No artigo 4º define-se que a aplicação “é obrigatória, no contexto laboral ou equiparado, escolar e académico, a utilização da aplicação STAYAWAY COVID pelos possuidores de equipamento que a permita”, e explica-se que “o utilizador da aplicação STAYAWAY COVID que tenha um caso confirmado de COVID -19, nos termos definidos pela DGS, deve proceder à inserção na referida aplicação do código de legitimação pseudoaleatório previsto neste sistema, que deve figurar do relatório que contenha o resultado do teste laboratorial de diagnóstico”.

Surpresa com a decisão e o efeito no crescimento dos números

A divulgação das medidas gerou reações imediatas e o SAPO TEK procurou os comentários das várias entidades que já tinham levantado dúvidas em relação à aplicação, e que não demoraram a reagir negativamente quanto a esta nova medida.

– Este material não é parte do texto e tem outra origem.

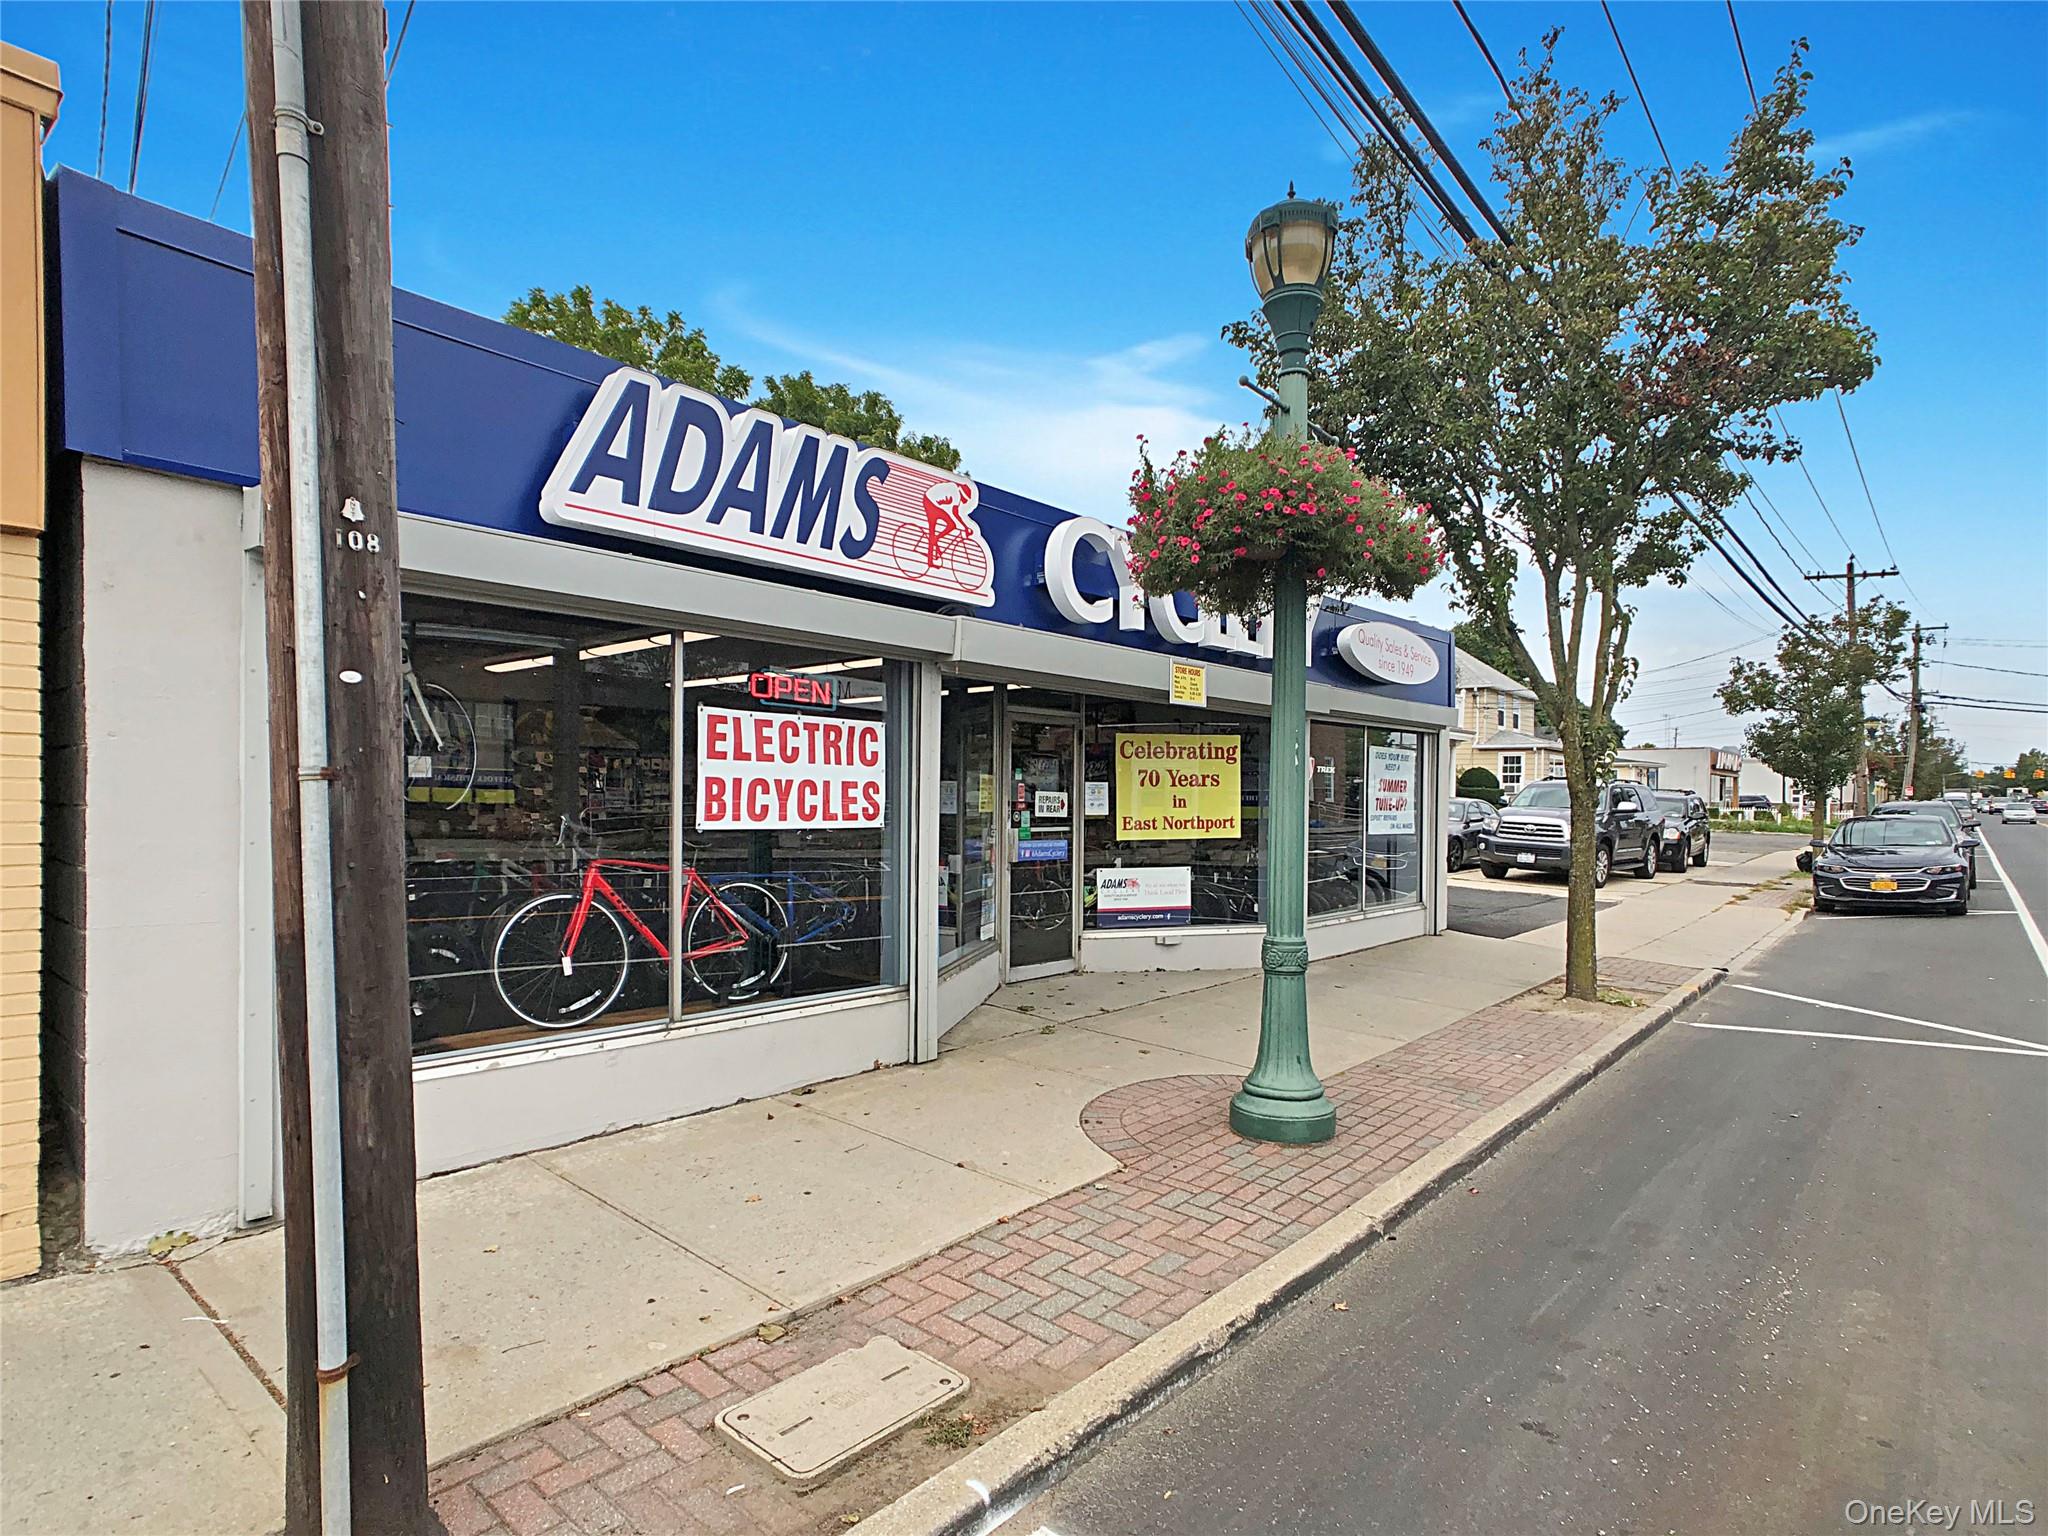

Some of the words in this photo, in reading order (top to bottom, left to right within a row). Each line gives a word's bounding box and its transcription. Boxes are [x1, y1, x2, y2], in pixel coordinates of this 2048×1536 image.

Ainda ontem fonte do INESC TEC, a entidade responsável pelo desenvolvimento da aplicação, admitiu ao ECO que foi apanhada de surpresa com a proposta. Já hoje no programa da TSF dedicado ao tema, Rui Oliveira, administrador do INESC TEC, referiu que não tinha conhecimento desta iniciativa do Governo, e realçou que desde o início a aplicação tem na sua base a premissa de ser de utilização voluntária, na instalação, utilização e partilha dos códigos, o que está definido nos termos de utilização.

Segundo os números de hoje, a app já foi descarregada 1.683.042 vezes, e desde ontem o número cresceu significativamente com quase 180 mil novas instalações.

O crescimento pode estar relacionado com todo o debate à volta do tema mas também com o efeito da divulgação da Federação de Futebol sobre a app durante o jogo da Seleção, já que o durante o primeiro jogo contra a França também se registou um aumento dos downloads, refere ao SAPO TEK fonte do INESC TEC.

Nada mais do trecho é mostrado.